* TASK INSTRUCTIONS: An exact copy of the listing below is required, minus its pictures.
Content starts
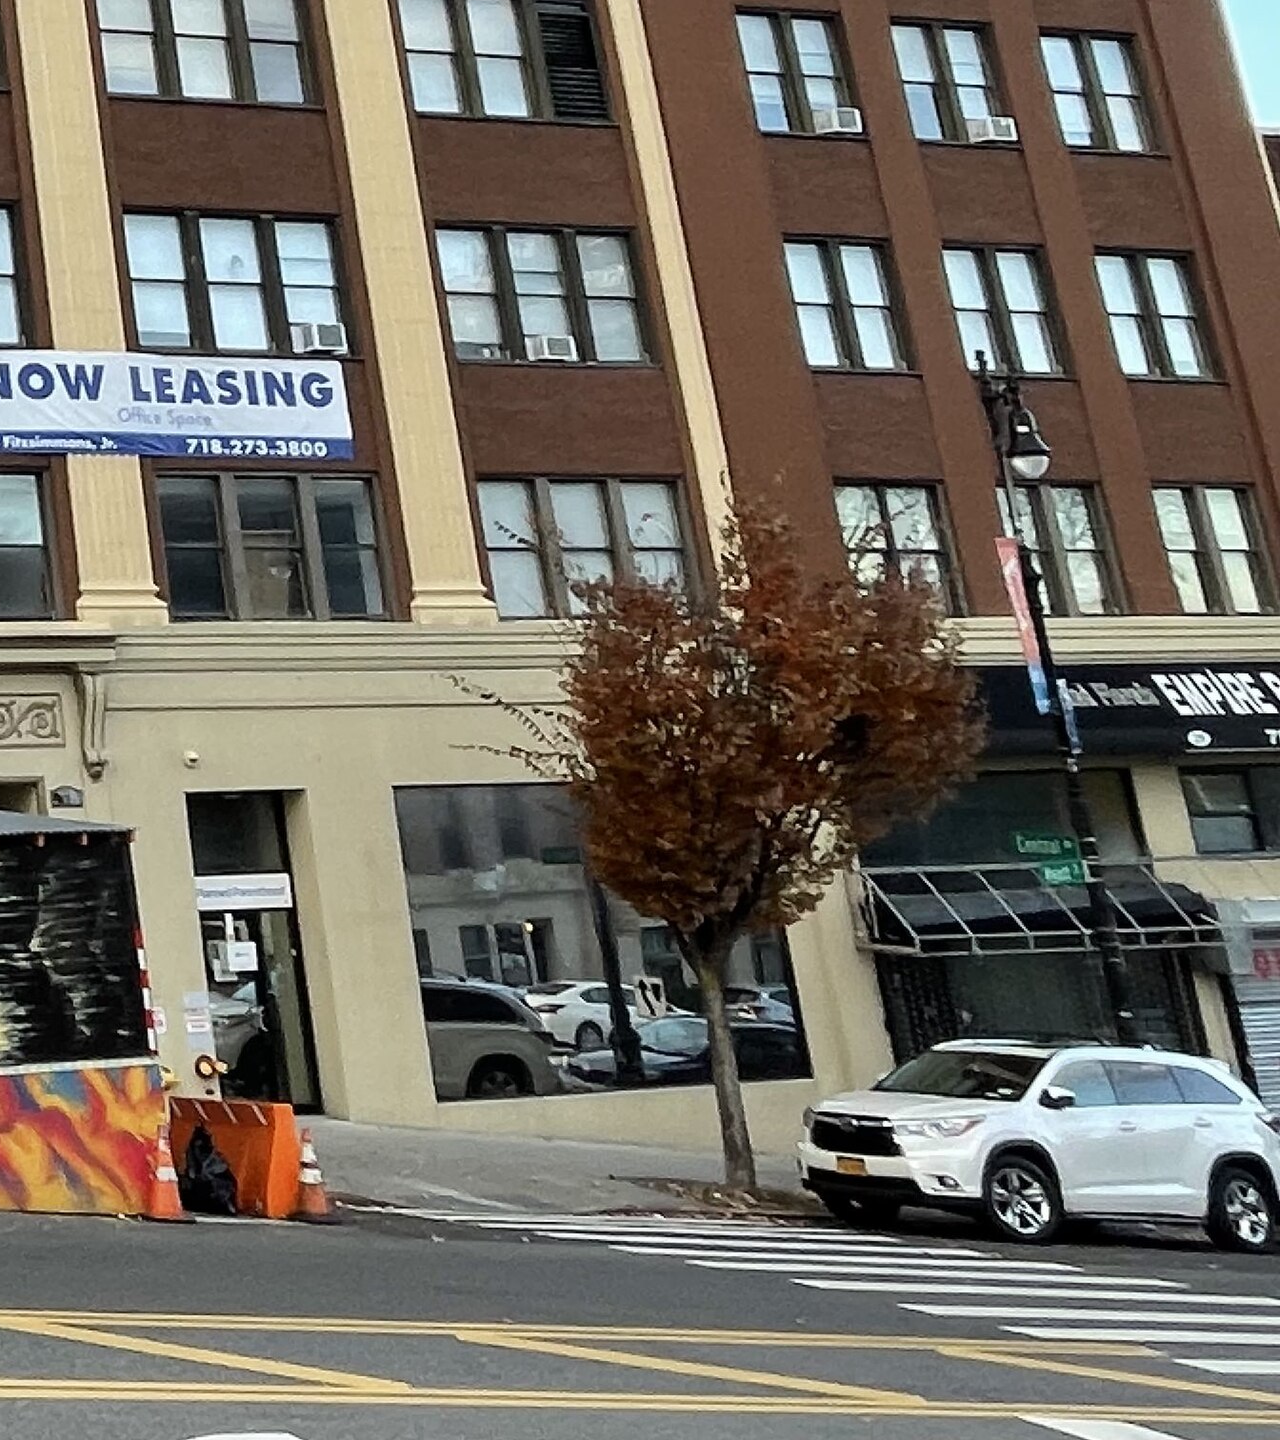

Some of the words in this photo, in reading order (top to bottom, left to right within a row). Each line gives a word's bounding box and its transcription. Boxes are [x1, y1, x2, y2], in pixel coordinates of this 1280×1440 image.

[129, 365, 333, 408] LEASING
[117, 407, 162, 424] Office
[167, 409, 213, 430] Space
[185, 437, 328, 458] 718.273.3800
[1150, 667, 1280, 716] EMPIRE
Content ends
* EXERCISE RESULT:
Some of the words in this photo, in reading order (top to bottom, left to right within a row). Each line gives a word's bounding box and its transcription. Boxes are [x1, y1, x2, y2], in pixel coordinates of this 1280×1440 image.

[129, 365, 333, 408] LEASING
[117, 407, 162, 424] Office
[167, 409, 213, 430] Space
[185, 437, 328, 458] 718.273.3800
[1150, 667, 1280, 716] EMPIRE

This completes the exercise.